Output all of the data exactly as it appears, but leave out any pictures it contains.

**SOURCE RECORDS**
+-------+
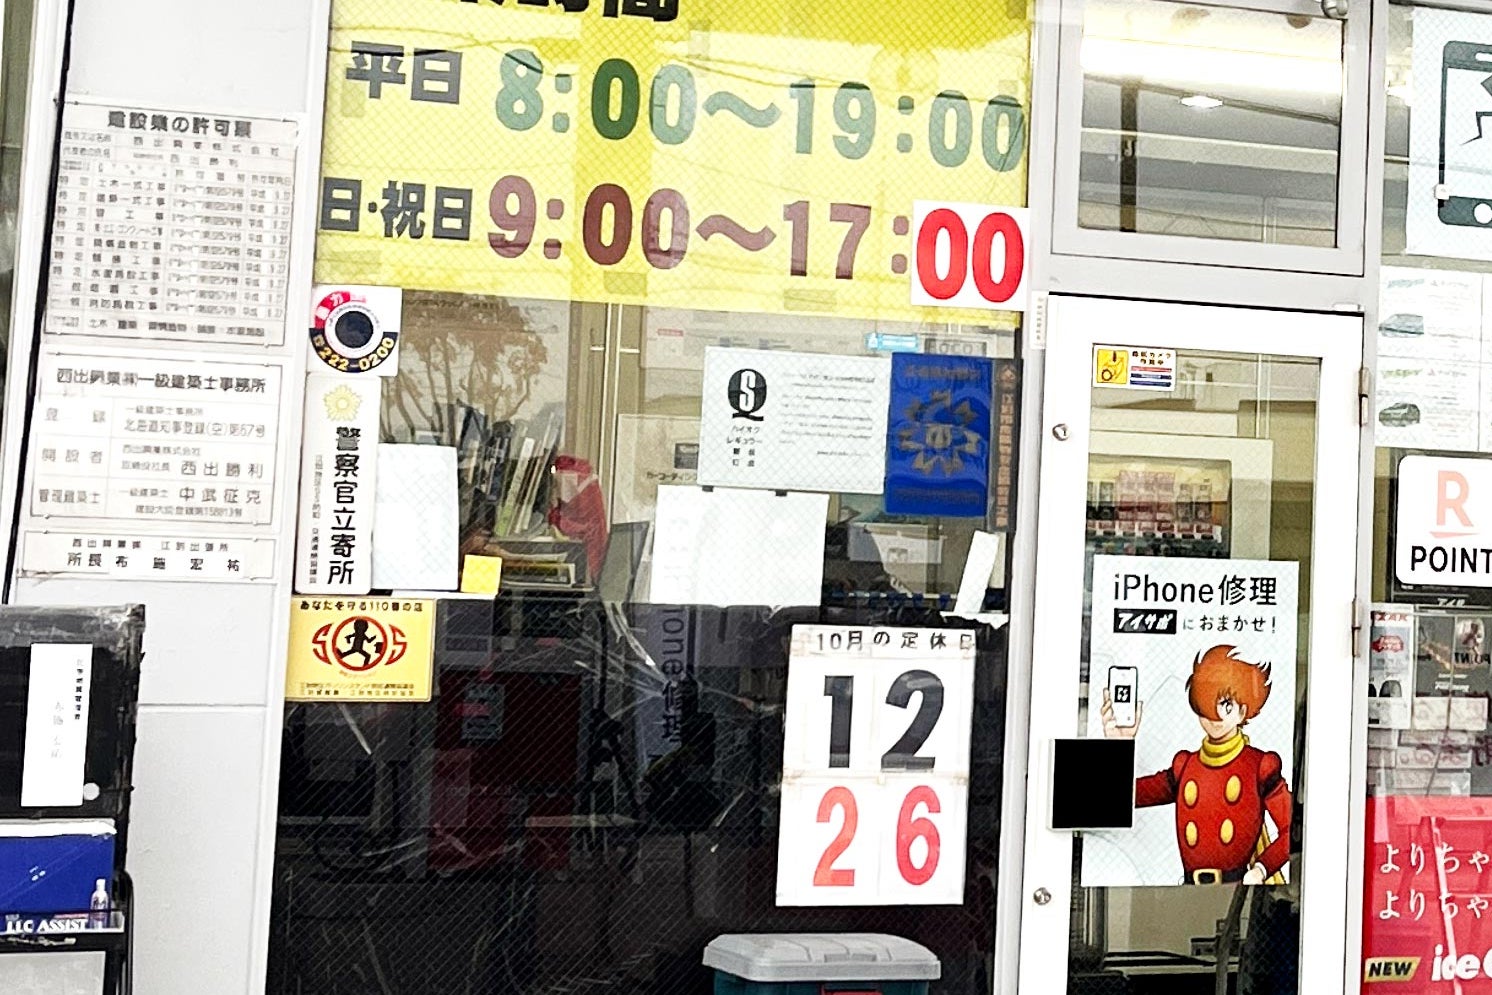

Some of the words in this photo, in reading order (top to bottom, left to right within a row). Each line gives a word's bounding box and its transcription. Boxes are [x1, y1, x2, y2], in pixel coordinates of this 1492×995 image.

[346, 40, 463, 105] 平日
[320, 176, 473, 241] 日・祝日
[327, 426, 362, 585] 警察官立寄所
[1436, 469, 1474, 527] R
[1114, 573, 1278, 606] iPhone修理
[816, 630, 976, 652] 10月の定休日
[1117, 612, 1174, 631] アイサポ
[1182, 615, 1276, 634] におまかせ！
[822, 668, 946, 773] 12
[812, 785, 942, 888] 26
[37, 918, 89, 934] ASSIST
[1367, 960, 1413, 978] NEW
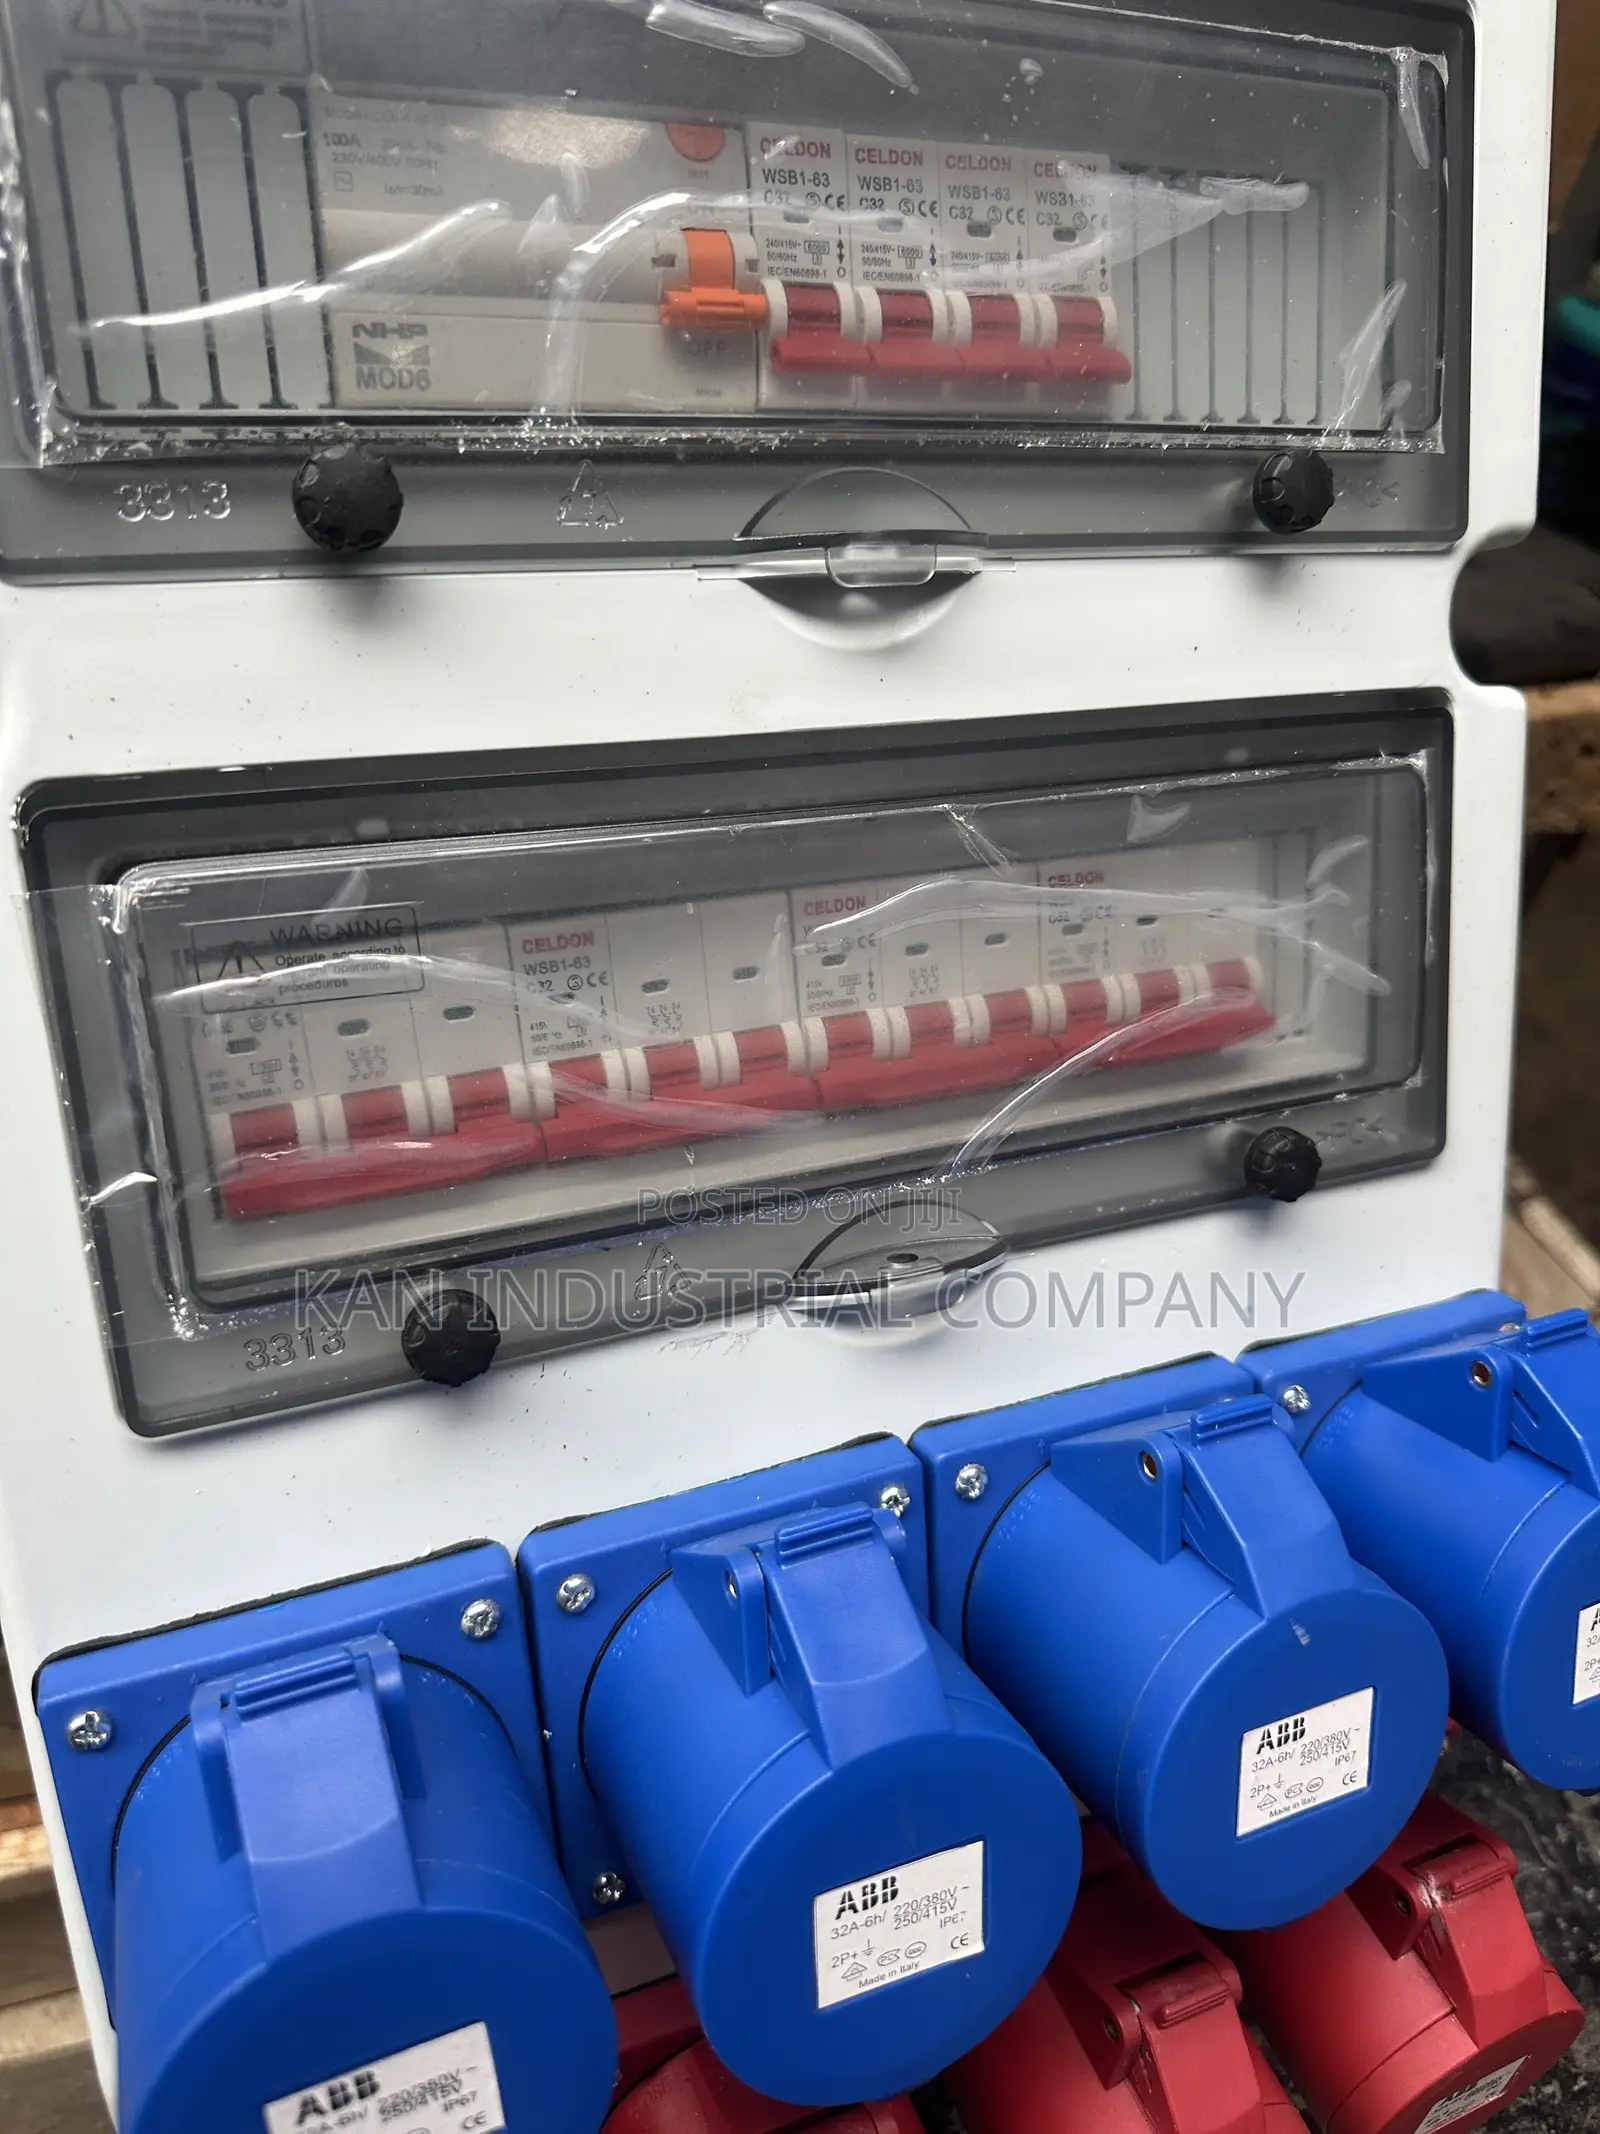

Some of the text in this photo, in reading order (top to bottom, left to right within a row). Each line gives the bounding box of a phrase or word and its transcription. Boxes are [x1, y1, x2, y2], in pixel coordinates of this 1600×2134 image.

[855, 148, 923, 166] CELDON
[945, 155, 1012, 172] CELDON
[762, 168, 830, 188] WSB1-63
[857, 175, 923, 194] WSB1-63
[764, 189, 792, 206] C32
[947, 185, 1011, 201] WSB1-63
[918, 200, 938, 217] CE
[949, 206, 973, 220] C32
[1005, 207, 1025, 225] CE
[1036, 213, 1062, 226] C32
[352, 322, 428, 339] NHP
[356, 366, 432, 392] MOD6
[114, 480, 232, 523] 3313
[804, 896, 866, 915] CELDON
[269, 917, 403, 945] WARNING
[522, 931, 594, 954] CELDON
[275, 952, 326, 968] Operate
[394, 944, 406, 955] to
[522, 955, 591, 976] WSB1-63
[587, 971, 608, 987] CE
[244, 1325, 346, 1371] 3313
[1256, 1716, 1306, 1755] ABB
[1301, 1727, 1351, 1753] 220/380V
[1251, 1739, 1350, 1773] 32A-6h/ 250/415V
[1334, 1750, 1357, 1766] IP67
[1342, 1770, 1358, 1786] CE
[1250, 1784, 1271, 1799] 2P+
[1269, 1795, 1317, 1818] Made in Italy
[835, 1875, 899, 1920] ABB
[893, 1885, 957, 1918] 220/380V
[831, 1898, 957, 1940] 32A-6h/ 250/415V
[939, 1910, 966, 1930] IP67
[950, 1932, 969, 1950] CE
[831, 1951, 858, 1969] 2P+
[858, 1961, 920, 1989] Made in Italy
[296, 2069, 381, 2125] ABB
[441, 2090, 478, 2112] IP67
[462, 2110, 487, 2130] CE
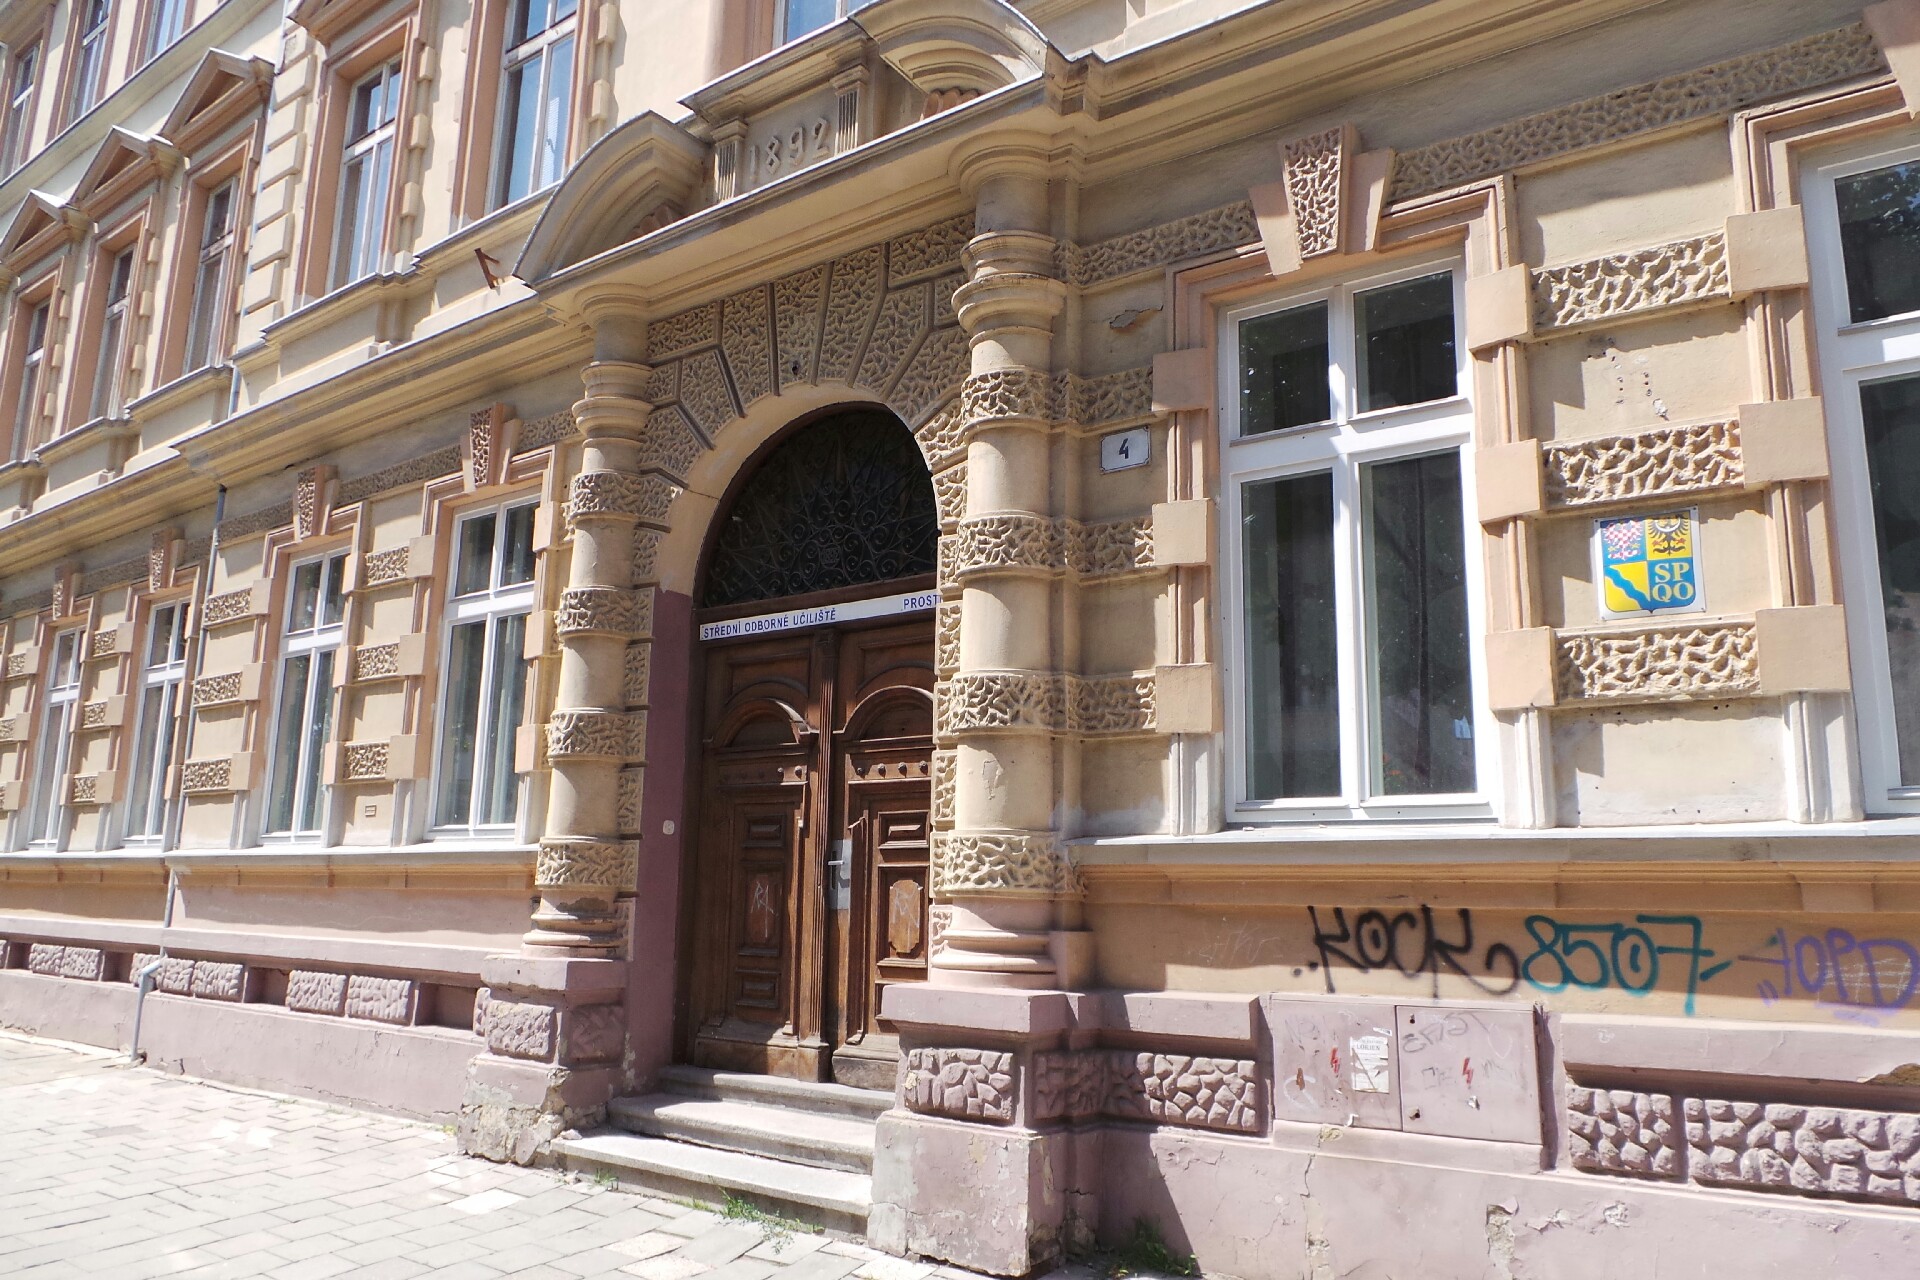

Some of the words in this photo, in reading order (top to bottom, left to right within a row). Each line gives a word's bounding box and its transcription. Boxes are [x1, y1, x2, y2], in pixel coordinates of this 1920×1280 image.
+-------+
**YOUR RESPONSE**
Some of the words in this photo, in reading order (top to bottom, left to right within a row). Each line gives a word's bounding box and its transcription. Boxes are [x1, y1, x2, y2], in pixel coordinates of this 1492×995 image.

[346, 40, 463, 105] 平日
[320, 176, 473, 241] 日・祝日
[327, 426, 362, 585] 警察官立寄所
[1436, 469, 1474, 527] R
[1114, 573, 1278, 606] iPhone修理
[816, 630, 976, 652] 10月の定休日
[1117, 612, 1174, 631] アイサポ
[1182, 615, 1276, 634] におまかせ！
[822, 668, 946, 773] 12
[812, 785, 942, 888] 26
[37, 918, 89, 934] ASSIST
[1367, 960, 1413, 978] NEW

Some of the text in this photo, in reading order (top to bottom, left to right within a row). Each line gives the bounding box of a phrase or word and its transcription. Boxes are [x1, y1, x2, y2], in pixel coordinates of this 1600×2134 image.

[855, 148, 923, 166] CELDON
[945, 155, 1012, 172] CELDON
[762, 168, 830, 188] WSB1-63
[857, 175, 923, 194] WSB1-63
[764, 189, 792, 206] C32
[947, 185, 1011, 201] WSB1-63
[918, 200, 938, 217] CE
[949, 206, 973, 220] C32
[1005, 207, 1025, 225] CE
[1036, 213, 1062, 226] C32
[352, 322, 428, 339] NHP
[356, 366, 432, 392] MOD6
[114, 480, 232, 523] 3313
[804, 896, 866, 915] CELDON
[269, 917, 403, 945] WARNING
[522, 931, 594, 954] CELDON
[275, 952, 326, 968] Operate
[394, 944, 406, 955] to
[522, 955, 591, 976] WSB1-63
[587, 971, 608, 987] CE
[244, 1325, 346, 1371] 3313
[1256, 1716, 1306, 1755] ABB
[1301, 1727, 1351, 1753] 220/380V
[1251, 1739, 1350, 1773] 32A-6h/ 250/415V
[1334, 1750, 1357, 1766] IP67
[1342, 1770, 1358, 1786] CE
[1250, 1784, 1271, 1799] 2P+
[1269, 1795, 1317, 1818] Made in Italy
[835, 1875, 899, 1920] ABB
[893, 1885, 957, 1918] 220/380V
[831, 1898, 957, 1940] 32A-6h/ 250/415V
[939, 1910, 966, 1930] IP67
[950, 1932, 969, 1950] CE
[831, 1951, 858, 1969] 2P+
[858, 1961, 920, 1989] Made in Italy
[296, 2069, 381, 2125] ABB
[441, 2090, 478, 2112] IP67
[462, 2110, 487, 2130] CE

Some of the words in this photo, in reading order (top to bottom, left to right within a row). Each line gives a word's bounding box and its transcription. Boxes are [x1, y1, x2, y2], in pixel coordinates of this 1920×1280 image.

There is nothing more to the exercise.